How Parquet Compaction Works in Arc (and Why It Runs in a Subprocess)

Every analytical database has a dirty secret: ingestion and query performance are at odds. Fast ingestion wants small, frequent writes. Fast queries want large, well-organized files. Arc's compaction system is the bridge between those two worlds.

Let me walk you through how it actually works.

The Problem: Death by a Thousand Small Files

Arc flushes in-memory buffers to Parquet files roughly every 5 seconds (configurable via max_buffer_age_ms). That's great for durability — your data hits disk fast — but it means a busy measurement can produce hundreds of tiny files per hour.

Here's what a single hour of ingestion looks like on disk:

metrics/cpu/2026/04/15/14/cpu_20260415_140005_123456789.parquet   (42 KB)
metrics/cpu/2026/04/15/14/cpu_20260415_140010_987654321.parquet   (38 KB)
metrics/cpu/2026/04/15/14/cpu_20260415_140015_456789123.parquet   (41 KB)
... (100+ more files)

Each file is valid Parquet with proper metadata, compression, and schema — but when you query SELECT * FROM metrics.cpu WHERE time > now() - INTERVAL '24 hours', DuckDB has to open, read metadata, and scan every single one. That's a lot of filesystem overhead for what should be a fast read.

Compaction fixes this.

Two Tiers: Hourly and Daily

We use a two-tier compaction model. It's not clever for the sake of being clever — it's the natural shape of the problem.

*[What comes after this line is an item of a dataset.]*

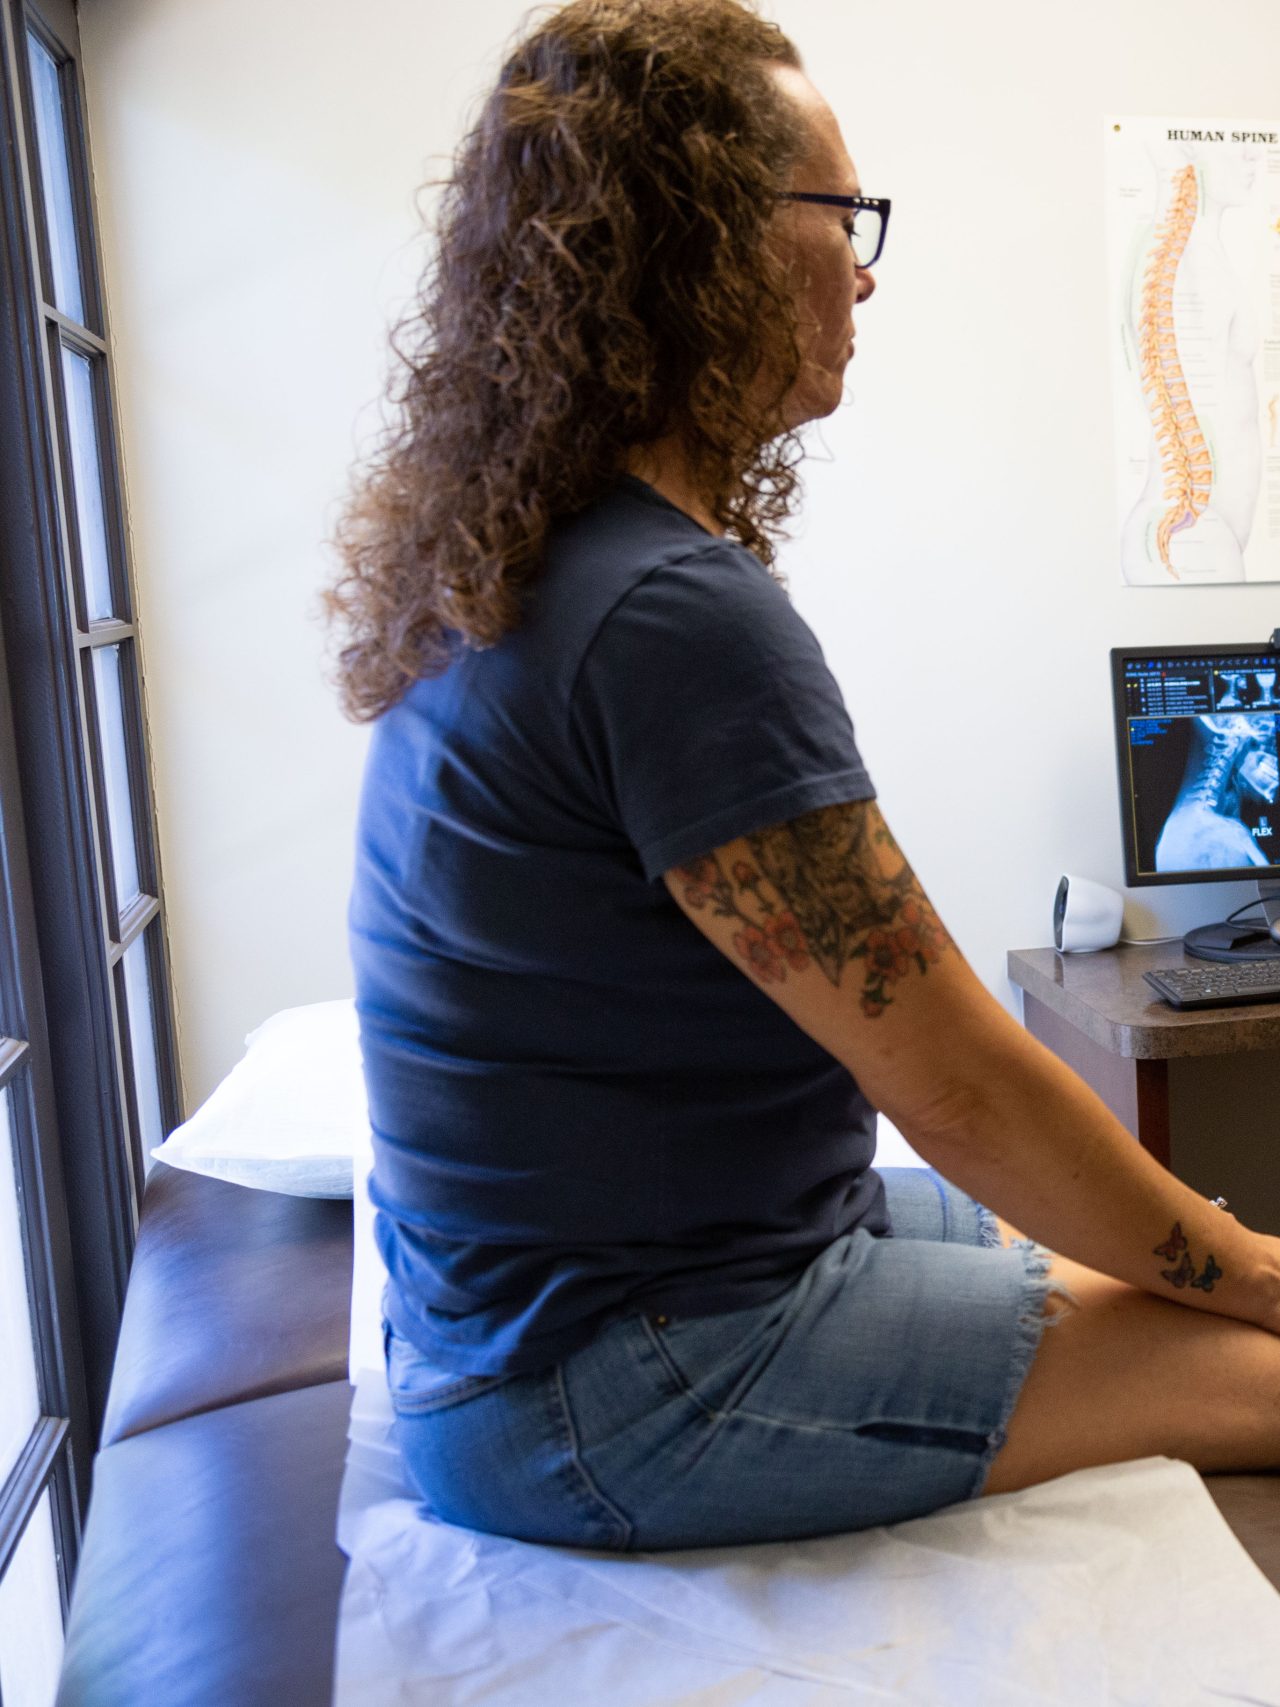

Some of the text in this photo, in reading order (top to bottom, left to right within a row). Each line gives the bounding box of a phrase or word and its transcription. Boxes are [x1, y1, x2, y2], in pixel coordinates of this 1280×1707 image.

Hourly compaction runs every hour (default: at :05 past the hour). It takes all the small files from a single hour partition and merges them into one:

# Before (100+ files, ~4 MB total)
metrics/cpu/2026/04/15/14/cpu_20260415_140005_*.parquet
metrics/cpu/2026/04/15/14/cpu_20260415_140010_*.parquet
...

# After (1 file, ~4 MB, properly sorted)
metrics/cpu/2026/04/15/14/cpu_20260415_140500_compacted.parquet

Daily compaction runs once per day (default: 3 AM). It takes the hourly-compacted files from an entire day and merges them into a single large file:

# Before (24 hourly files, ~100 MB total)
metrics/cpu/2026/04/15/00/cpu_*_compacted.parquet
metrics/cpu/2026/04/15/01/cpu_*_compacted.parquet
...
metrics/cpu/2026/04/15/23/cpu_*_compacted.parquet

# After (1 file, ~100 MB, one per day)
metrics/cpu/2026/04/15/cpu_20260416_030000_daily.parquet

The result: recent data lives in a few hourly files (good for time-range queries on today's data), while historical data is consolidated into daily files (good for analytical queries spanning weeks or months).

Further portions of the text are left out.